FIG. 1 is a block diagram showing an embodiment of a communication terminal device according to the present invention.

FIG. 2 is a flowchart showing the operation of the above device.

[Explanation of symbols]

 DESCRIPTION OF SYMBOLS 1 Communication terminal device 13 Incoming call detection circuit 14 Hook detection circuit 15 PB receiver 16 1650Hz detection circuit 17 PB generator 20 Voltage alarm monitor 21 Non-voltage alarm monitor 22 External sensor monitor 24, 26 Telemeter meter connection interface 28 CPU 28B RAM 30 Drive power control circuit 31 Clock IC 32 8 second interval generation circuit E Battery

Continued on the front page (72) Inventor Yasuhide Tsuchida 3967-10, Wada, Matsumoto City, Nagano Prefecture, Toyo Keiki Co., Ltd. (72) Inventor Akira Koizumi 3967-10, Wada, Matsumoto City, Nagano Prefecture, Toyo Keiki Co., Ltd. (72 ) Inventor Yasutoshi Kurashina 3967-10, Wada, Matsumoto-shi, Nagano Toyo Keiki Co., Ltd. (56) References JP-A-63-80662 (JP, A) JP-A-5-130256 (JP, A) 4-165749 (JP, A) JP-A-4-283899 (JP, A) JP-A-62-109199 (JP, A) (58) Fields investigated (Int.
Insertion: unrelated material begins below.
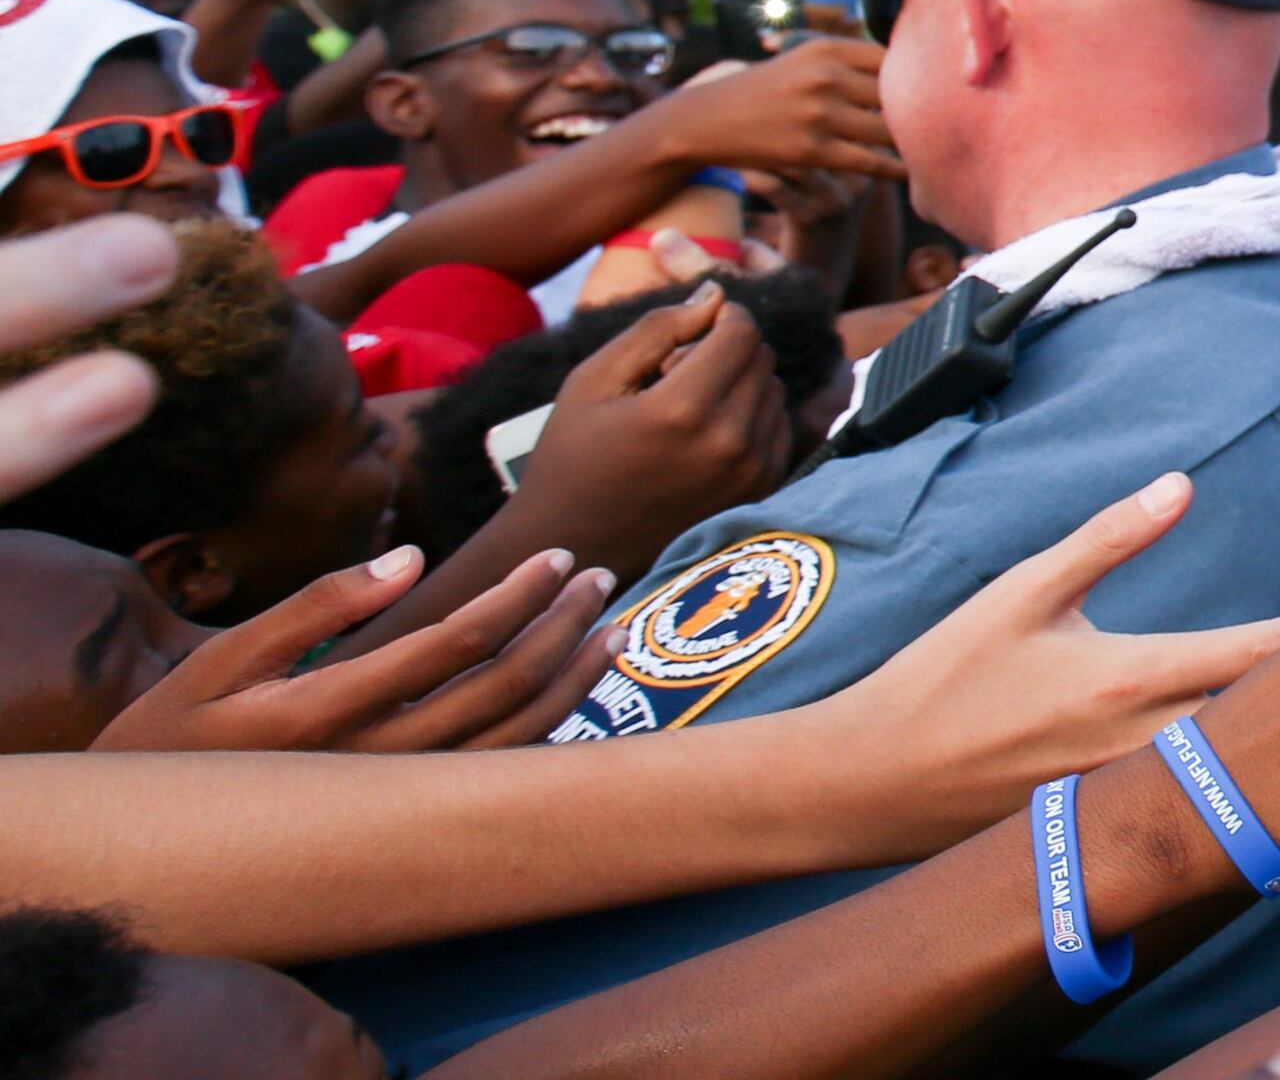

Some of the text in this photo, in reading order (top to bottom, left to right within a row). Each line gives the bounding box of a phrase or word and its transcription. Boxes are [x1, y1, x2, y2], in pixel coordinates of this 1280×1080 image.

Cl. ⁶ , DB name) H04M 11/00 G08B 25/00 G08B 25/08 H04Q 9/00

Claims (1)

(57) [Claims] A clock IC for generating time data;
In a communication terminal device which issues a periodic notification to the center device based on the time data, a storage means for storing time data generated from the clock IC at a predetermined cycle, and a time data stored in the storage means. Comparing means for comparing the time data with the previously stored time data; and when a predetermined error occurs in the comparison result by the comparing means, a notification is sent to the center device, and the time returned from the center device in response to the notification. A communication terminal device comprising: a control unit that stores data in the storage unit and sets the data in the clock IC.